Uefa vows to take hard line on multi-club ownership in Women’s Champions League

OL Lyonnes celebrate after winning their Women's Champions League quarter-final
OL Lyonnes, who play Barcelona in Saturday’s Women’s Champions League final, share an owner with London City Lionesses. Photograph: Manon Cruz/Reuters

Uefa’s head of women’s football has said rules prohibiting clubs with the same owner from playing together in the Women’s Champions League will be strictly enforced, dealing a blow to investors such as Michele Kang.

Kang owns OL Lyonnes, who are in Saturday’s Women’s Champions League final, and London City Lionesses, whose head coach, Eder Maestre, last week stated their desire to compete for the Women’s Super League title next season.
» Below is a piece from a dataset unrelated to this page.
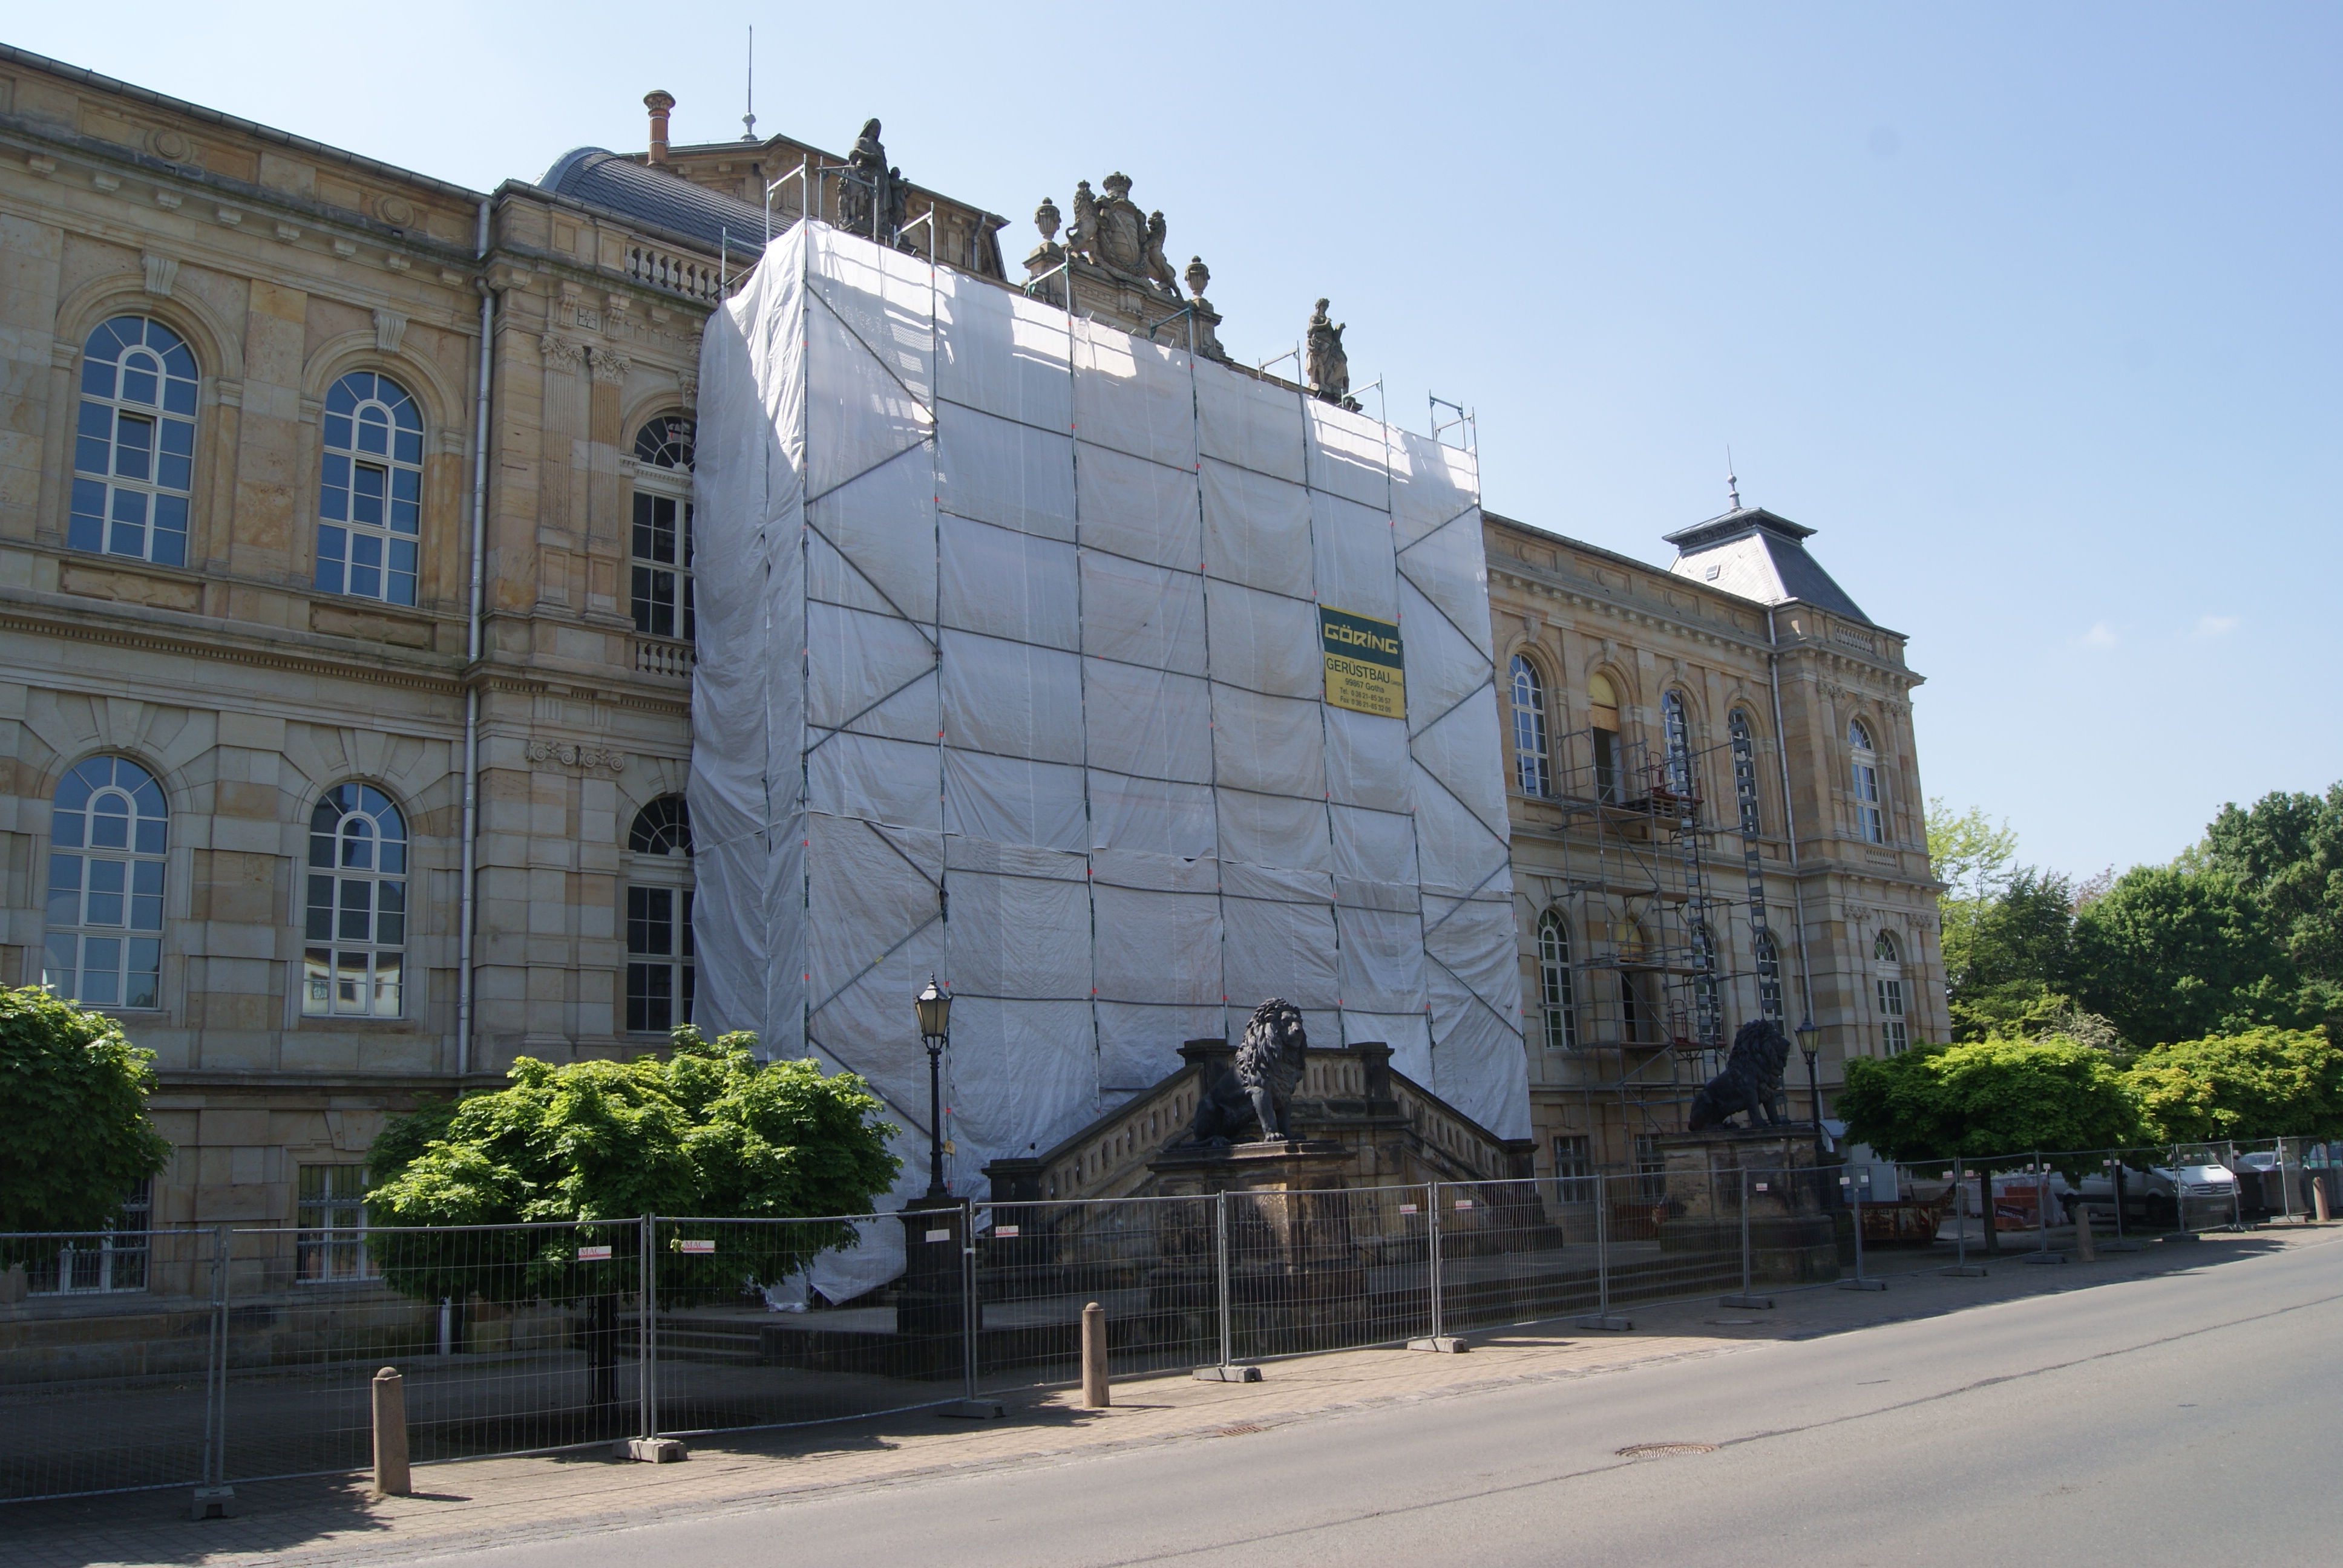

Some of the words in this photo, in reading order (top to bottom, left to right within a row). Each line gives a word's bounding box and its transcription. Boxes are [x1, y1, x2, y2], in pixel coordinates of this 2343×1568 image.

Workarounds have been found in men’s European competitions, but Nadine Kessler said no exceptions would be made in the women’s game. “There is an evolution of multi-club owners in women’s football and they invest a lot into the game, which is important,” said Kessler, Uefa’s women’s football director. “But at the same time, when it comes to playing in one football competition, there will be no different approach and no exceptions when it comes to the women’s game. This is being closely monitored.”

Kang, who also owns the US side Washington Spirit, is not alone in operating multiple strong clubs in Europe. Crux Sports, founded by the former New Zealand captain Bex Smith, owns the 14-time Swedish champions Rosengård, who have been Champions League quarter-finalists six times since 2012, and Montpellier, who were Champions League quarter-finalists in 2018 and European semi-finalists in 2006.

Another multi-club group with more than one top-flight European team is Mercury13, which owns the Serie A club Como Women, the Spanish top-flight side Badalona Women and the WSL2 club Bristol City.

Kessler said: “Why would we want to preserve the sporting integrity of men’s football, but not of women’s football? It’s out of [the] question. In any sport, you want to preserve sporting integrity. That’s the most important thing.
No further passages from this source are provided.